Image-backed grounding data:
= = =
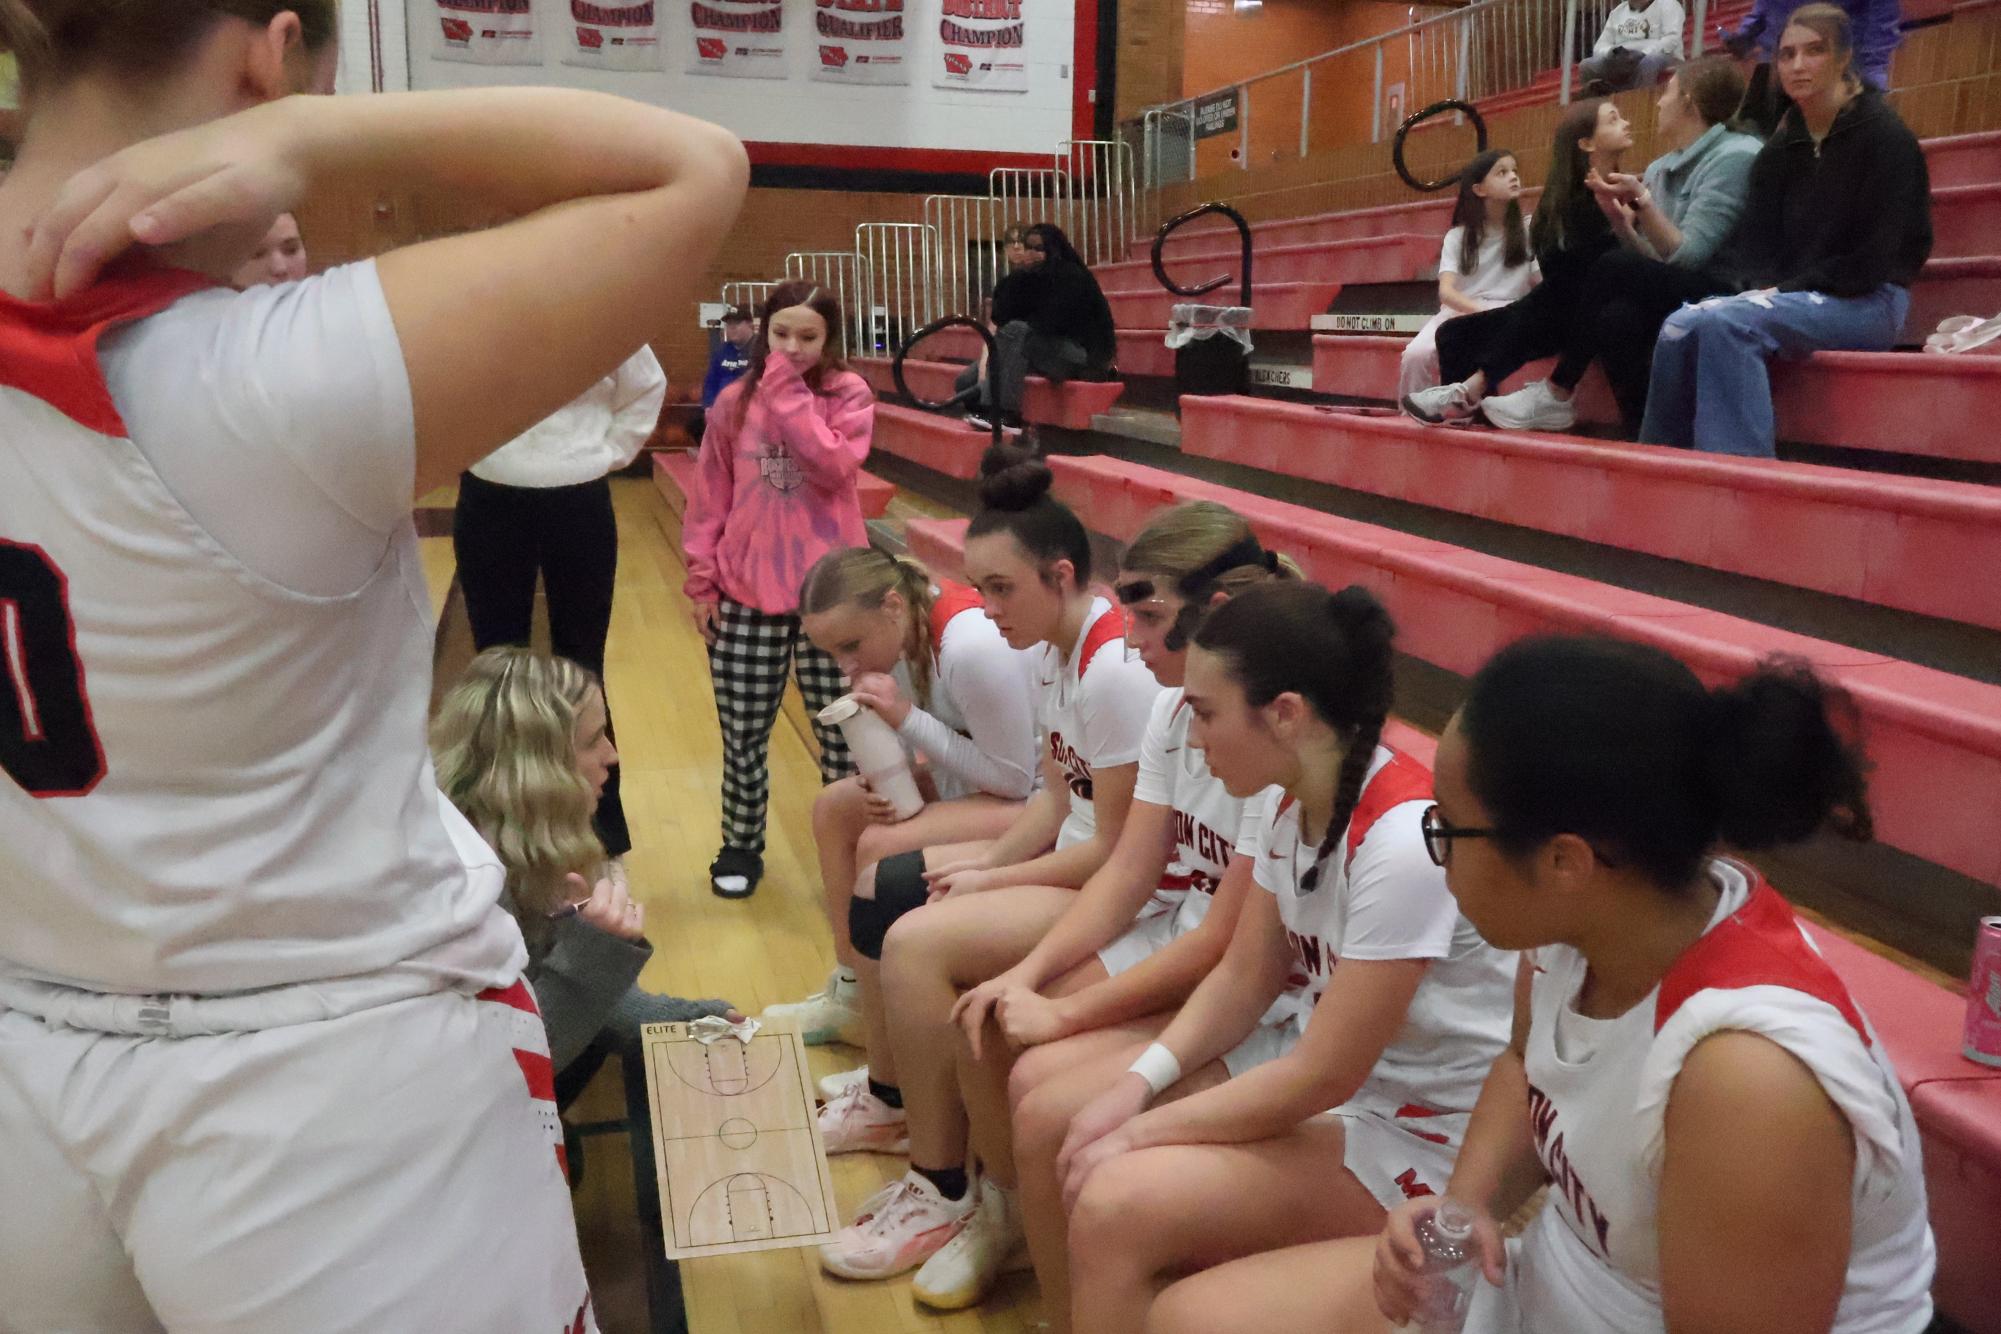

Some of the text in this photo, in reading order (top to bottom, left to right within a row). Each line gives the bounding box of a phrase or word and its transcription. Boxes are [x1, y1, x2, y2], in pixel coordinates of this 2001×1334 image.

[691, 2, 782, 32] CHAMPION
[816, 11, 904, 40] QUALIFIER
[940, 19, 1024, 48] CHAMPION
[1336, 317, 1395, 330] DO NOT CLIMB ON
[1199, 822, 1236, 869] CIT
[646, 1024, 677, 1035] ELITE
= = =
PROBLEM:
Write out all of the data above exactly, without any of its pictures.

OUTPUT FOR THIS EXERCISE:
Some of the text in this photo, in reading order (top to bottom, left to right within a row). Each line gives the bounding box of a phrase or word and its transcription. Boxes are [x1, y1, x2, y2], in pixel coordinates of this 2001×1334 image.

[691, 2, 782, 32] CHAMPION
[816, 11, 904, 40] QUALIFIER
[940, 19, 1024, 48] CHAMPION
[1336, 317, 1395, 330] DO NOT CLIMB ON
[1199, 822, 1236, 869] CIT
[646, 1024, 677, 1035] ELITE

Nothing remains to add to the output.